The main reasons are:
- Narrowband transmissions require less energy
- Better indoor penetration results in fewer potential retransmissions
- Lower data rates mean transmissions finish faster
For battery-powered devices that only need to send small amounts of data occasionally, like temperature sensors or utility meters, NB-IoT may provide marginally better battery life. For mobile applications or those needing high data rates, LTE-M is the superior choice.
Cost and Ecosystem Considerations
NB-IoT devices have a lower cost due to simpler radio designs. Chipsets and modules are now available for less than $10 in volume. The ecosystem for NB-IoT has also had a few more years to mature compared to LTE-M.
However, LTE-M rides on the strong ecosystem behind 4G LTE. There is broader vendor support and standardization for LTE-M since it utilizes the existing LTE network core. LTE-M module costs are coming down as adoption increases.
Over the long run, the cost difference between the two technologies is expected to narrow significantly. Both have a competitive cost structure ideal for large scale IoT deployments.
Coexistence With Existing Cellular Networks
An important consideration is that NB-IoT and LTE-M will commonly be deployed within existing cellular networks. Mobile operators have to minimize the impact on their customers using 4G/5G for smartphones and mobile broadband.
NB-IoT transmissions fit nicely within the unused resource blocks of an LTE carrier. The narrow bandwidth requirement does not subtract much capacity from the LTE network. LTE-M, on the other hand, requires a wider 1.4 MHz slice of bandwidth which directly reduces resources available for LTE.
Therefore, adding NB-IoT has less impact on the legacy network compared to adding LTE-M in the same spectrum band. This makes NB-IoT easier to deploy within existing 4G and future 5G networks.
Use Cases Suited to Each Technology
Based on the technical comparison, here are some guidelines on which technology is better suited for various categories of IoT applications:
- NB-IoT is ideal for:
- Smart metering (electricity, gas, water)

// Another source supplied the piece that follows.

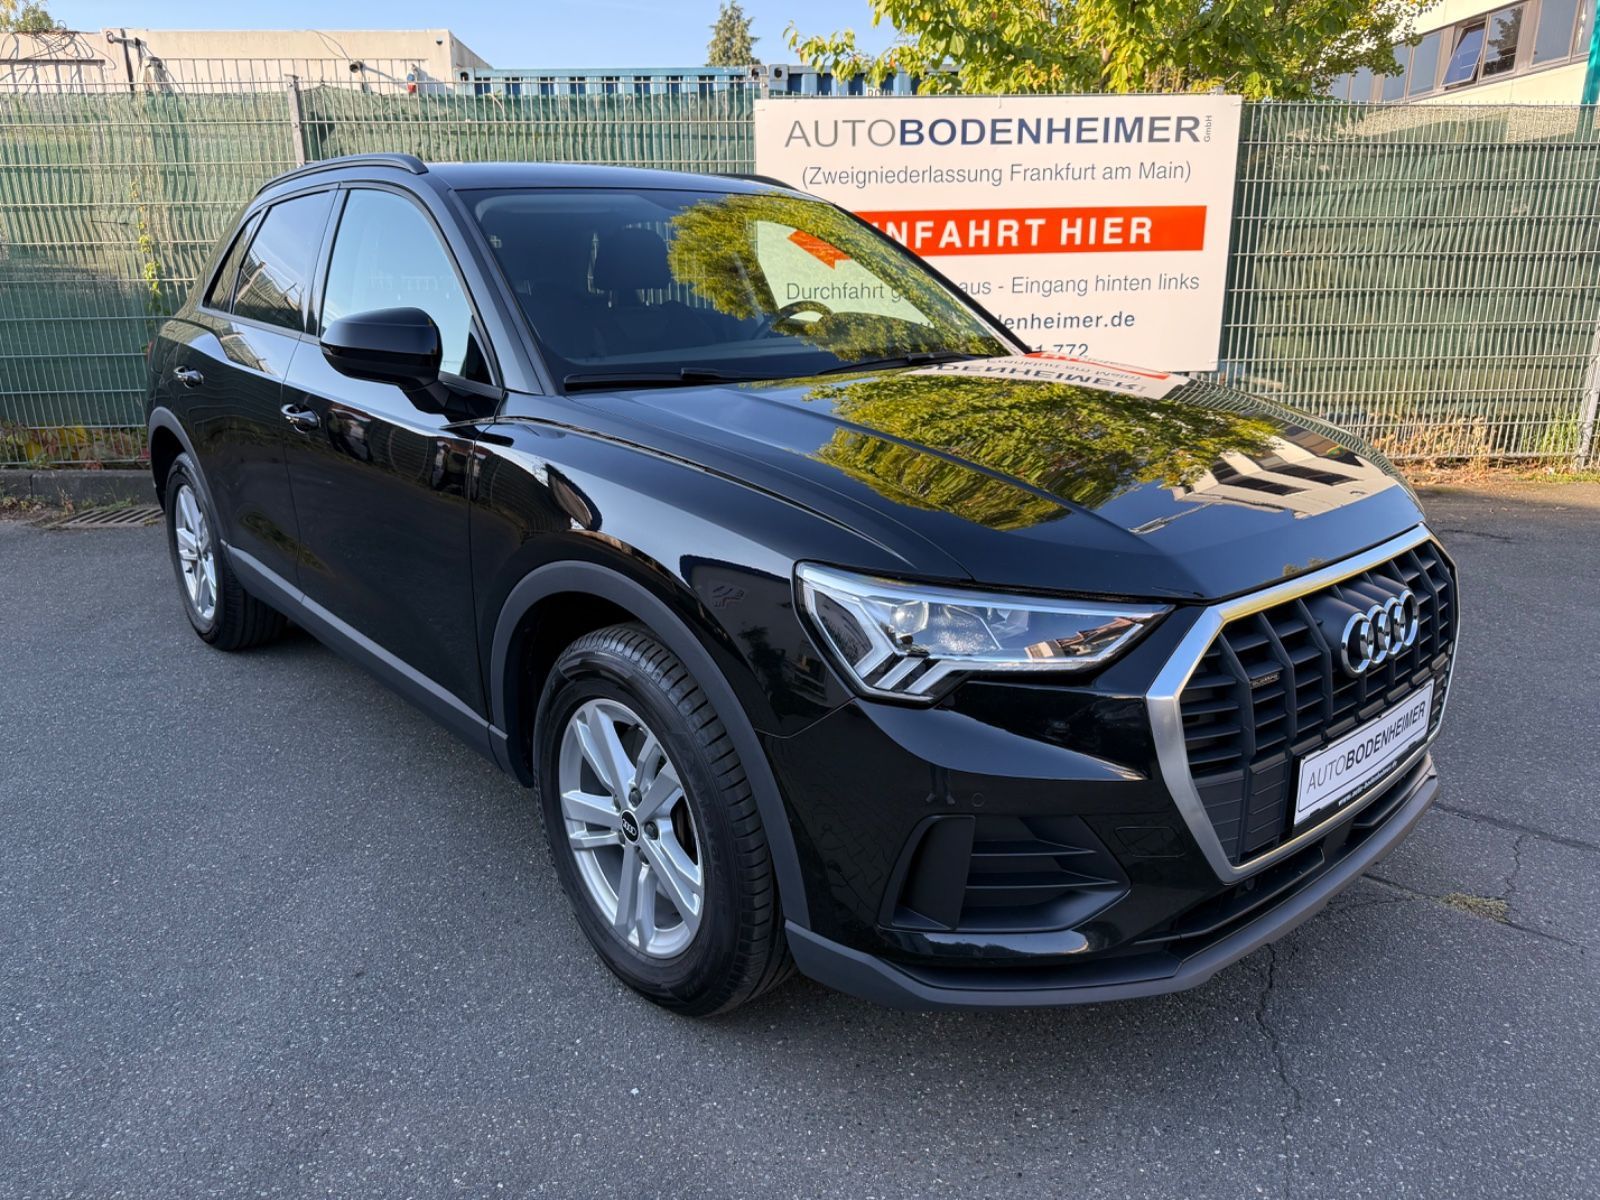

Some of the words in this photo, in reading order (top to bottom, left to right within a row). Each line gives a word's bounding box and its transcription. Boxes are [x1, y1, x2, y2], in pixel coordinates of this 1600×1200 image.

- Smart city infrastructure (lighting, parking, waste management)
- Environmental monitoring (air/water quality, noise monitoring)
- Asset tracking and indoor positioning
- Predictive maintenance and condition monitoring
-
Low power sensors (temperature, motion, soil moisture, etc.)
-
LTE-M is better for:
- Digital signage and video surveillance
- Voice-over-LTE (VoLTE) services
- Telematics and fleet management
- Point-of-sale and payment terminals
- Wearables and health monitoring
- Remote control of machinery and industrial robots
- Mobile asset management
The use cases best served by NB-IoT need long battery life, small data packets, and extensive coverage. LTE-M suits applications requiring higher data rates, lower latency, and mobility support. However, there is significant overlap – either technology can work for many non-extreme IoT deployments.
Conclusion
In summary, NB-IoT has greater power efficiency, larger coverage footprint, and lower latency compared to LTE-M. This makes NB-IoT ideal for static, battery-powered devices that only send small amounts of non-urgent data.
LTE-M provides higher data rates, lower latency, and support for mobility at the cost of higher power consumption. It is better suited for IoT applications that need to send larger data packets in real-time.
When choosing between NB-IoT and LTE-M, carefully evaluate your requirements for battery life, data bandwidth, latency, mobility and consider coverage where the devices will be deployed. Both technologies will continue to evolve and be major driving forces behind cellular IoT adoption worldwide.